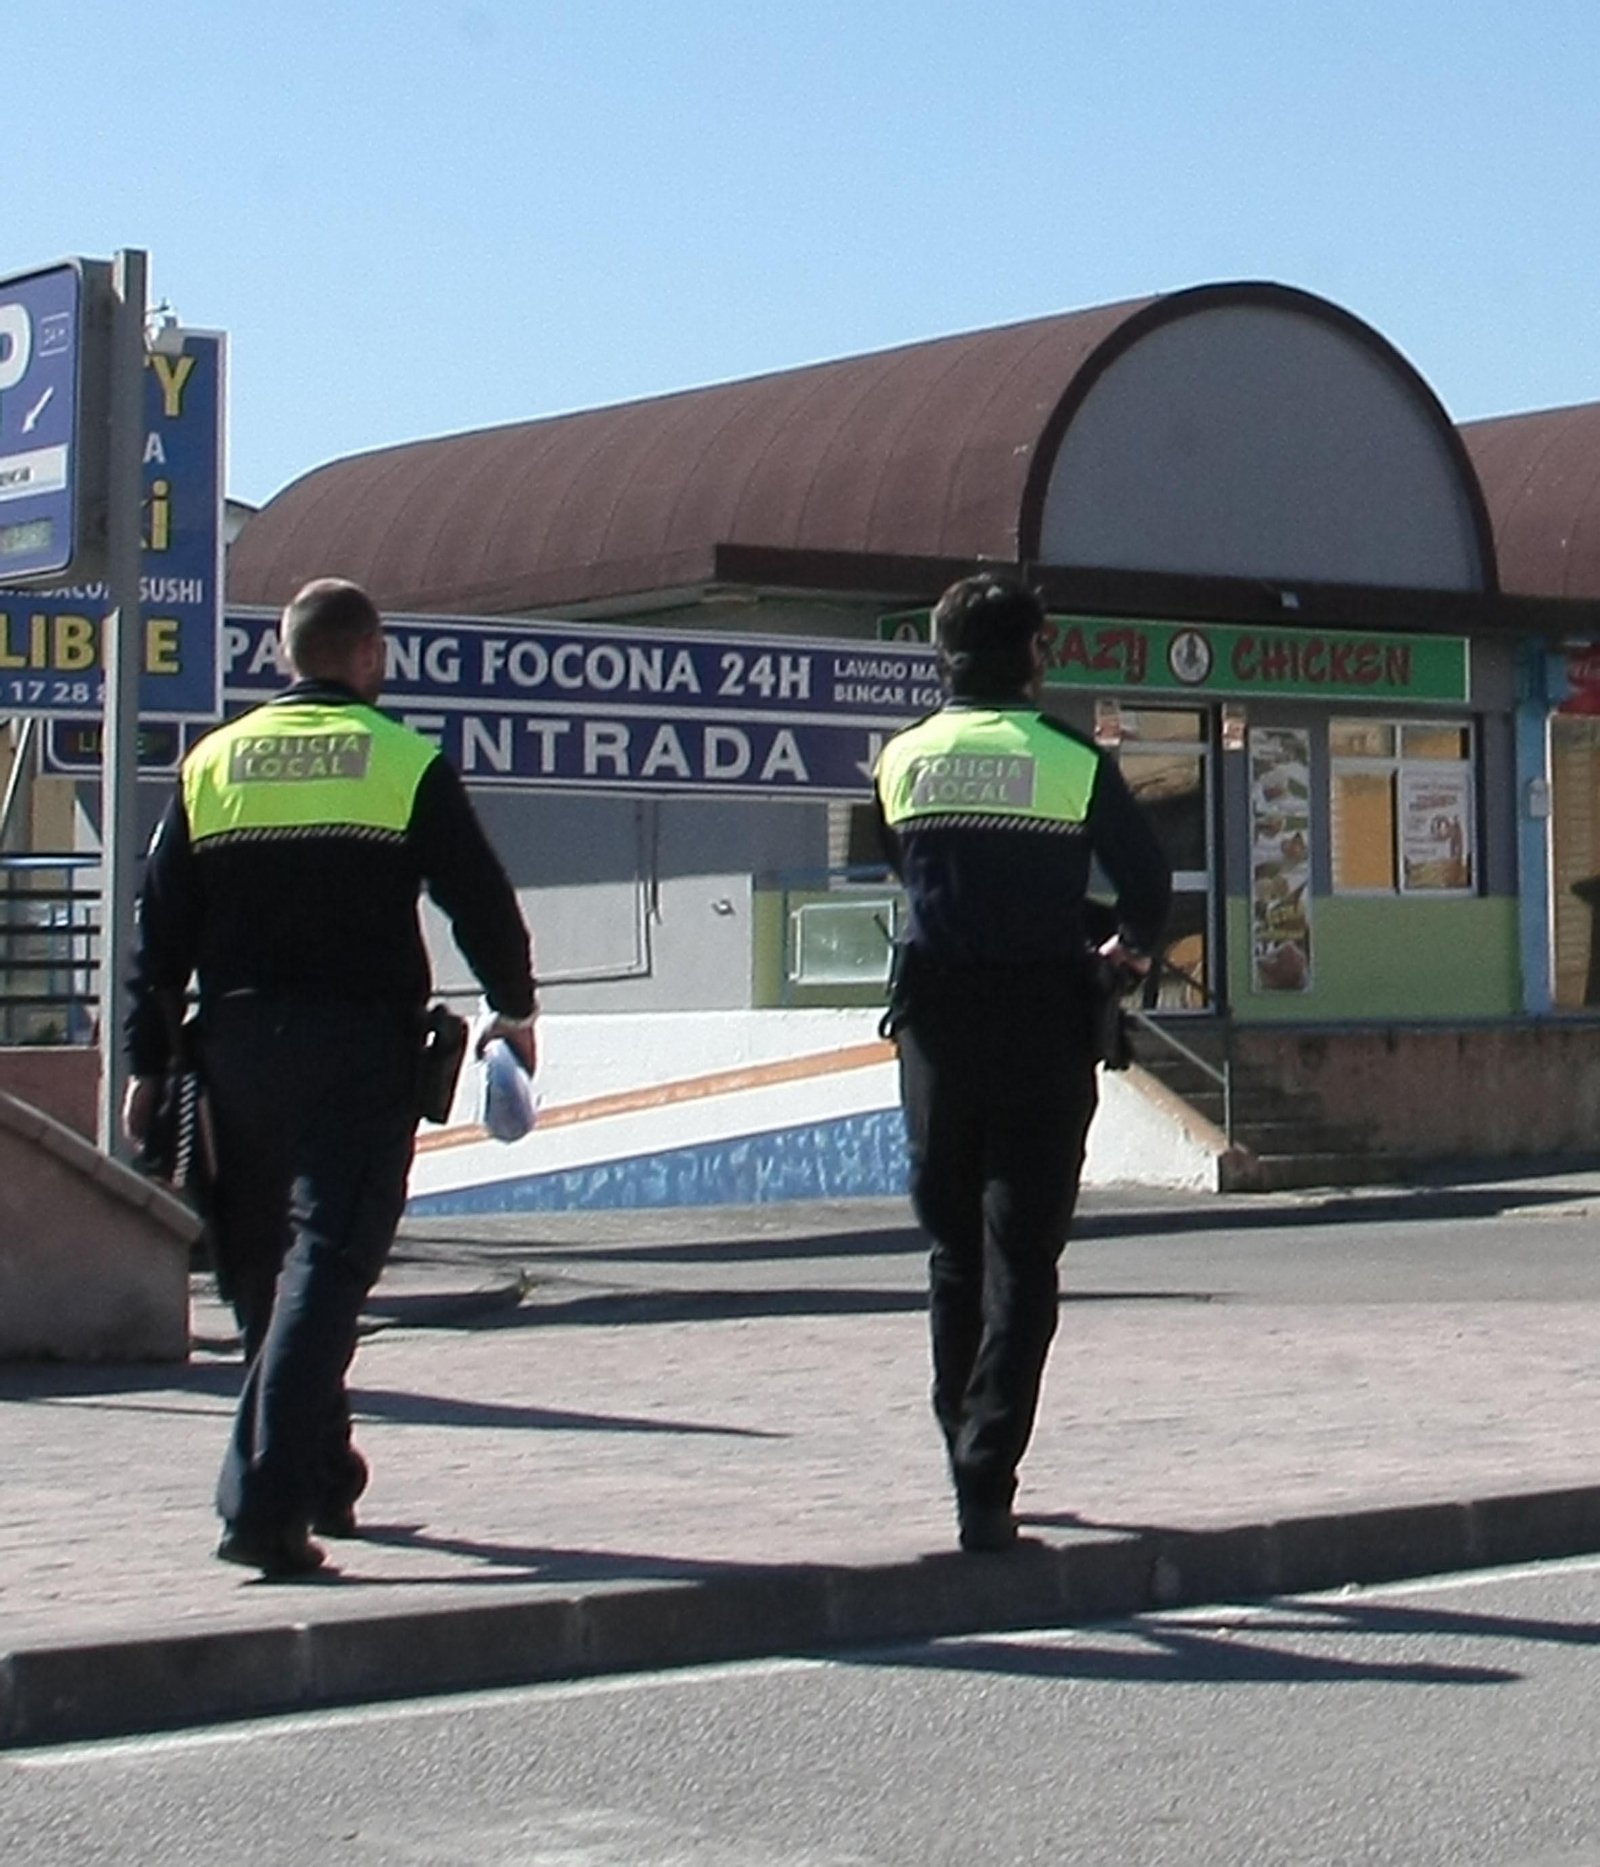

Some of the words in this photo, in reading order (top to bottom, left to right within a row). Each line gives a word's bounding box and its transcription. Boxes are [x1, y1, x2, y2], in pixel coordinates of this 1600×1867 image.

[139, 577, 203, 603] SUSHI
[0, 613, 179, 673] LIBE
[481, 640, 701, 694] FOCONA
[718, 652, 812, 699] 24H
[834, 659, 907, 680] LAVADO
[1232, 634, 1412, 686] CHICKEN
[10, 681, 45, 702] 17
[53, 682, 90, 703] 28
[245, 755, 342, 777] LOCAL
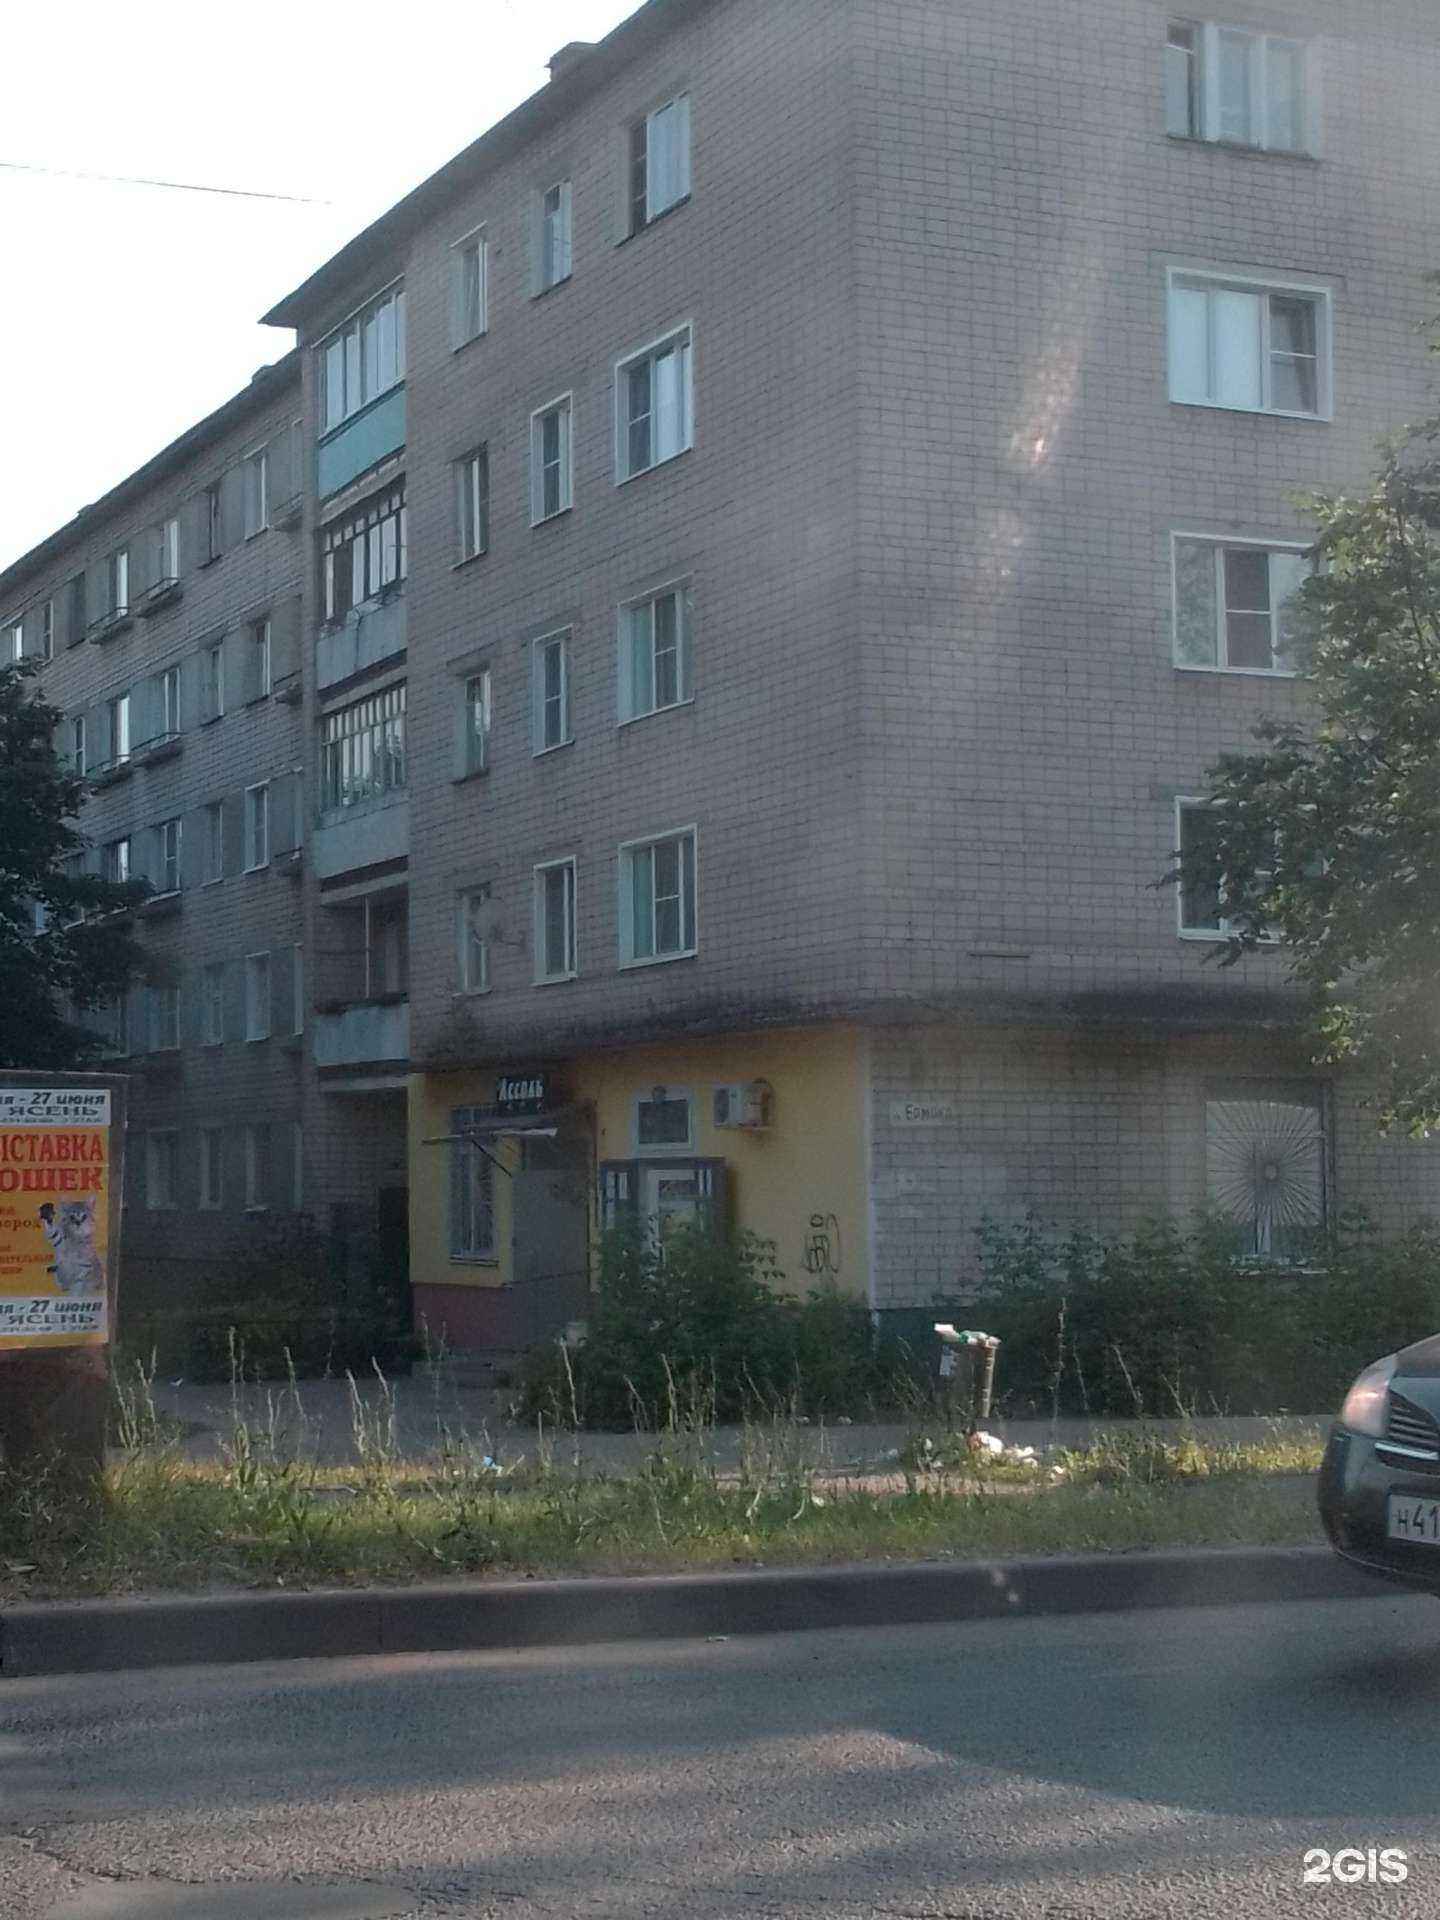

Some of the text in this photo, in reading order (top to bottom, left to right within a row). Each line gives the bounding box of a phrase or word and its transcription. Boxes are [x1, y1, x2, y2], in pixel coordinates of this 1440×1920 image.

[31, 1092, 52, 1105] 27
[56, 1095, 106, 1105] июня
[9, 1106, 99, 1116] ЯСЕНЬ
[30, 1300, 50, 1313] 27
[54, 1302, 103, 1312] июня
[7, 1314, 95, 1325] ЯСЕНЬ

═══

The task: Copy out the listing above in full and keep the pictures out.

Result of this task:
Some of the words in this photo, in reading order (top to bottom, left to right within a row). Each line gives a word's bounding box and its transcription. Boxes are [x1, y1, x2, y2], in pixel coordinates of this 1600×1867 image.

[139, 577, 203, 603] SUSHI
[0, 613, 179, 673] LIBE
[481, 640, 701, 694] FOCONA
[718, 652, 812, 699] 24H
[834, 659, 907, 680] LAVADO
[1232, 634, 1412, 686] CHICKEN
[10, 681, 45, 702] 17
[53, 682, 90, 703] 28
[245, 755, 342, 777] LOCAL

Some of the text in this photo, in reading order (top to bottom, left to right within a row). Each line gives the bounding box of a phrase or word and its transcription. Boxes are [x1, y1, x2, y2], in pixel coordinates of this 1440×1920 image.

[31, 1092, 52, 1105] 27
[56, 1095, 106, 1105] июня
[9, 1106, 99, 1116] ЯСЕНЬ
[30, 1300, 50, 1313] 27
[54, 1302, 103, 1312] июня
[7, 1314, 95, 1325] ЯСЕНЬ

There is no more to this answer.